American comedy troupe

Asperger's Are Us is an American comedy troupe. They are the first comedy troupe consisting entirely of people with Asperger syndrome, though their shows do not reference autism at all.

==Biography==
Asperger's Are Us formed on the North Shore of Massachusetts in the summer of 2010 after New Michael Ingemi, Jack Hanke, and Ethan Finlan graduated from a summer camp where Noah Britton was their counselor.

They have performed over 150 original sketch comedy shows in ten countries and have been interviewed many times by press around the world. Despite several people incorrectly assuming that Asperger's Are Us formed to "prove that autistic people can be funny," they have always emphatically insisted that they formed solely to be funny, and are offended by the assumption that autistic people would need to prove themselves capable of humor. They state that their name reflects their "Aspie style of humor, which focuses on dark absurdism and wordplay, which Aspies seem to enjoy a lot".

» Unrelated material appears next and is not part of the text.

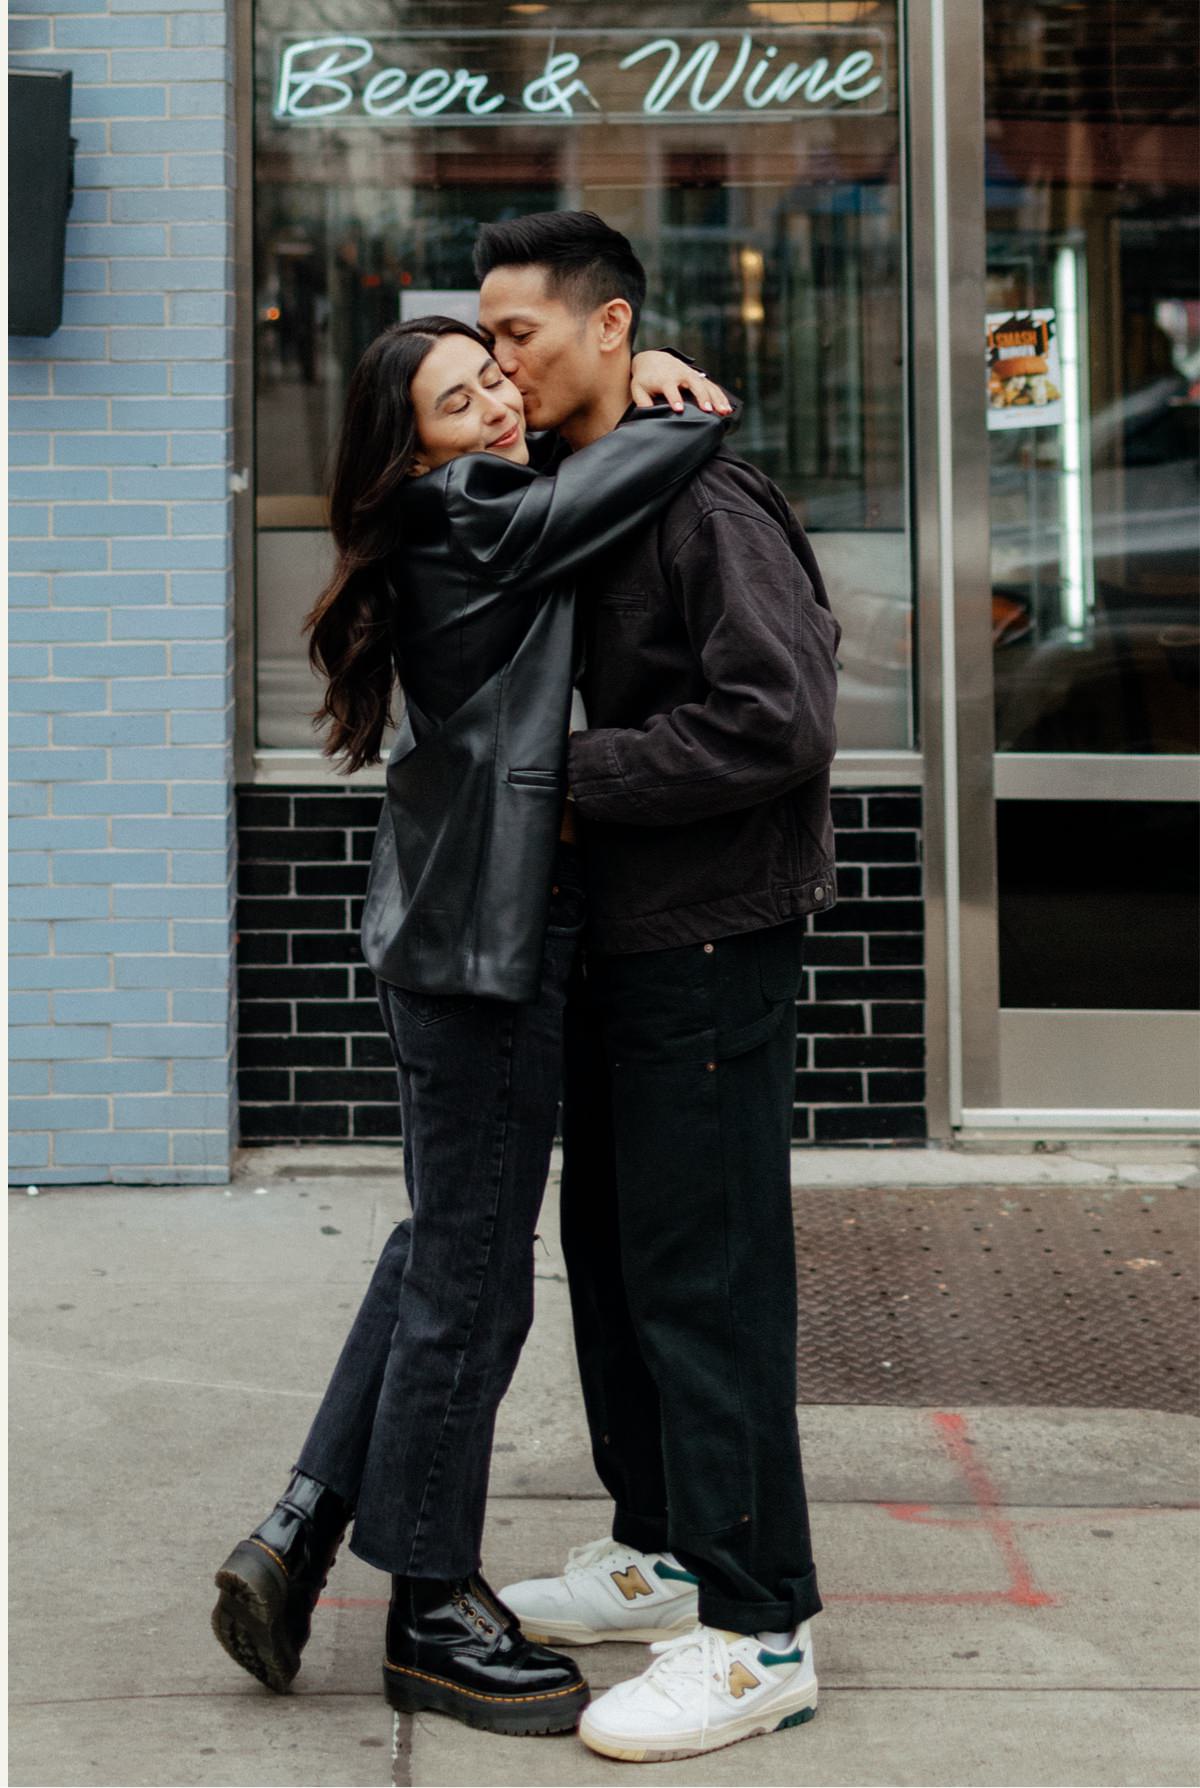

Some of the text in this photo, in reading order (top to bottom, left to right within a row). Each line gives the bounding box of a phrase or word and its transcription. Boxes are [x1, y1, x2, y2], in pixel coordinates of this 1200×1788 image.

Examples of their humor include selling death certificates as tour merch "with blank spaces where we filled in the buyer's name, birthday, and cause of death", onstage haircuts from a randomly chosen audience member during several shows, hiring a real CPR demonstration as an opening act at the Kennedy Center, reading all of Dink Johnson's Wikipedia article out loud for a sketch, performing a puppet show explaining complex economic theory, calling Hawaiian hotels (via speakerphone onstage) to ask detailed questions about valet parking options, hiding perennial presidential candidate Vermin Supreme under a tablecloth onstage for 4 minutes before he walked out to silently wave at the audience and exit, and having the audience vote for a specific stranger's artwork in an online children's art competition.

A Duplass Brothers Productions documentary about the troupe was released on Netflix in late 2016. A follow-up, On Tour with Asperger's Are Us, debuted on HBO on 30 April 2019.

Asperger's Are Us disbanded in 2018, but reunited and continued to tour in 2019.